My grandmother was a brilliant cook. Yes, I know everyone else's was too - either that, or legendarily terrible. If the former, however, I'll see your grandmother's cooking and I'll raise you:
cold sour cherry soup
hot bean-and-sausage soup
chicken paprika for 6, with leftovers
spinach with garlic
carrots with dill
stuffed peppers for tomorrow
körözött - cream cheese with paprika and caraway seeds
a Nescafe jar of apple puree
- all cooked on a Saturday afternoon at our house, after she'd done a full morning's work, gone shopping and driven 60 miles to Oxford, well into her eighties; she was heroic, as grandmothers so often are.

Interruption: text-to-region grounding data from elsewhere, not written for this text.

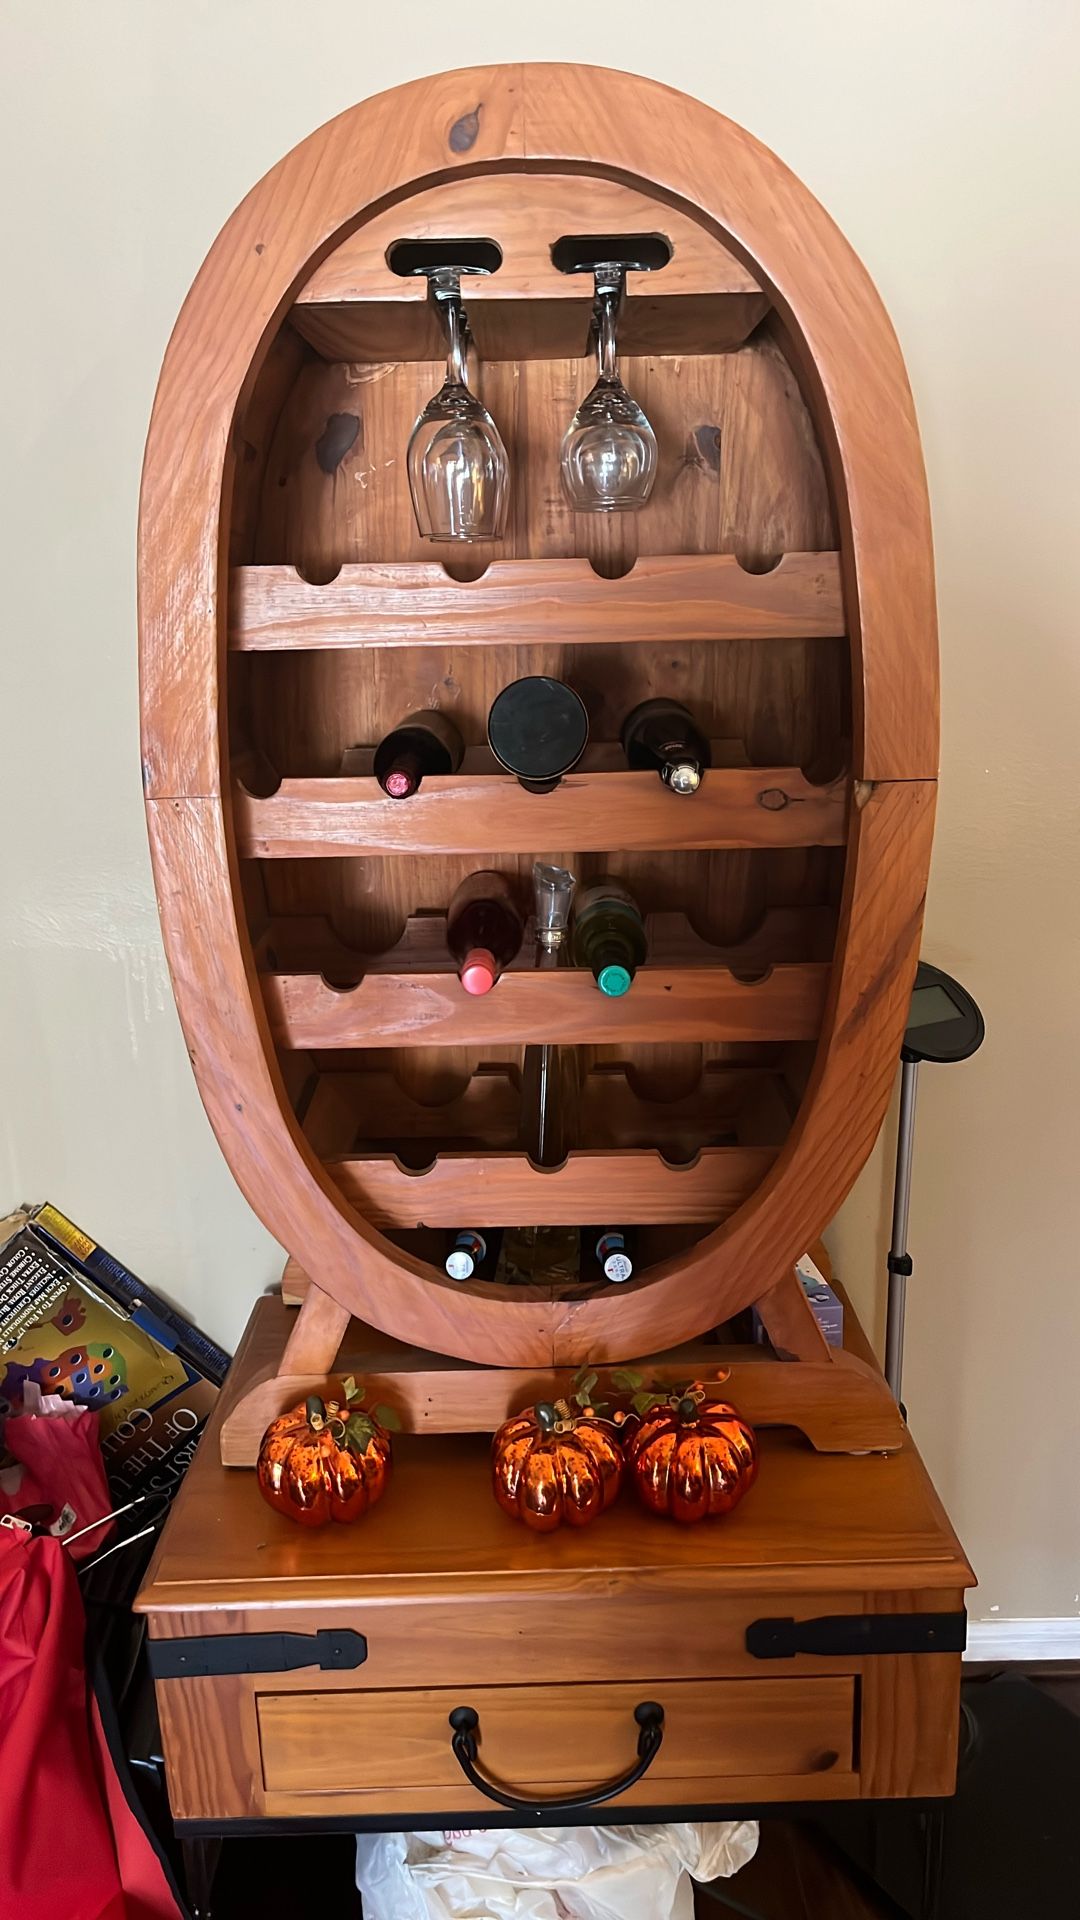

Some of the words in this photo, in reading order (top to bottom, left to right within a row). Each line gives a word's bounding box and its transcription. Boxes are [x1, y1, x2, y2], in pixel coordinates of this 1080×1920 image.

[6, 1249, 26, 1268] COLOR
[9, 1255, 33, 1278] CHROME
[21, 1260, 40, 1278] EXTRA
[23, 1266, 47, 1290] ELEGANT
[5, 1277, 26, 1295] THICK
[28, 1272, 54, 1297] INCLUDES
[45, 1278, 61, 1294] EACH
[49, 1284, 68, 1301] OPENS
[8, 1288, 27, 1305] ROYAL
[34, 1291, 49, 1305] MAP
[41, 1300, 53, 1310] TO
[1, 1296, 31, 1327] CERTIFICATE
[2, 1304, 37, 1337] INDIVIDUALLY
[24, 1313, 40, 1328] FULL
[35, 1308, 44, 1316] A
[102, 1408, 153, 1457] COLL
[164, 1408, 198, 1439] OF
[122, 1437, 174, 1476] THE
[165, 1435, 201, 1475] IRST
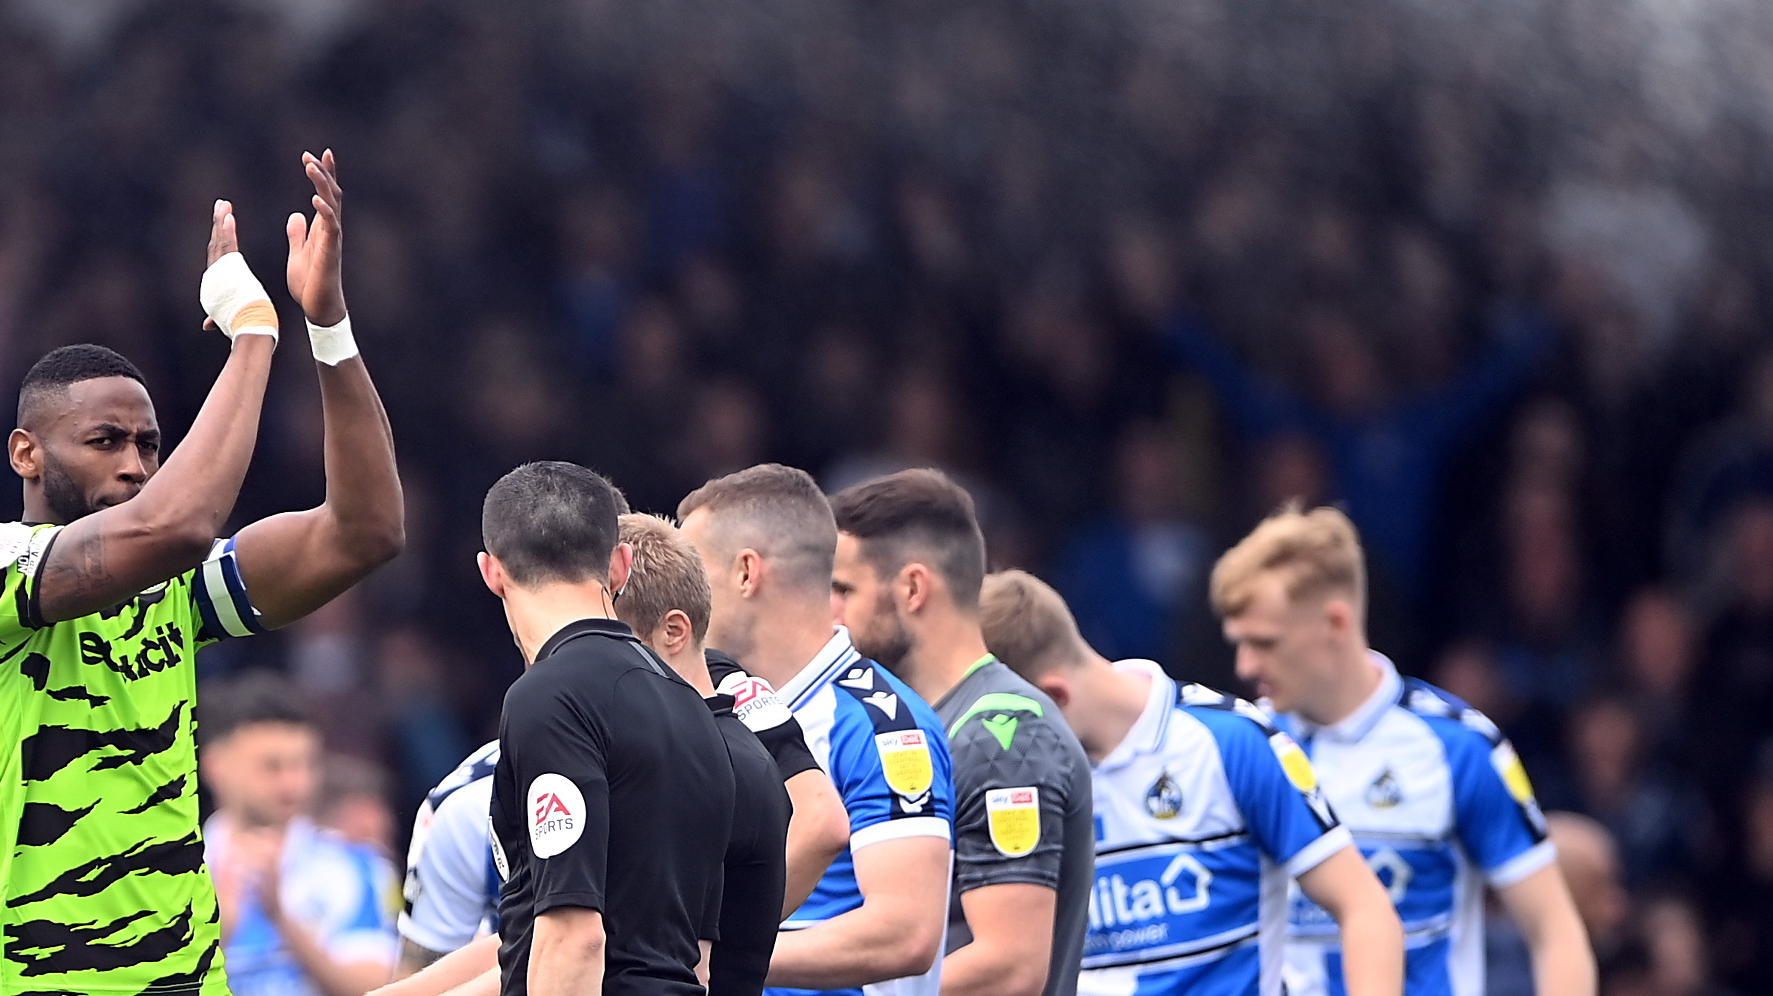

I would love to say that I learned to make little dumplings, to stuff cabbage, at her knee, but I was reading the Beano and didn't pay attention. However, every time I put garlic in a pan, I breathe in the scent of it; now, at last, the kitchen smells right.
So, when I wrote Almost English, a novel partly about growing up with elderly foreign relatives, I was obliged (phew) to write extensively about the food. Some of the books I used were my grandmother's:
They featured terrifying photographs of carp and offal:
and it is, admittedly, difficult to imagine their modern application: 'I know, tonight we'll have Robber's Meat' (ingredients: pork, veal, steak, goose-liver, bacon, onion, potatoes, salt, flour, lard, pinch of ground (NB) black pepper). But the photographs reminded me of my grandparents' flat, their friends, their world, which was the point, and the books themselves were beautiful.
Luckily, my extensive knowledge of Hungarian food-words meant that I was not entirely at sea. I know the word for potato - krumpli, and also how to heat it - microhulam, i.e. microwave. What more could one possibly need?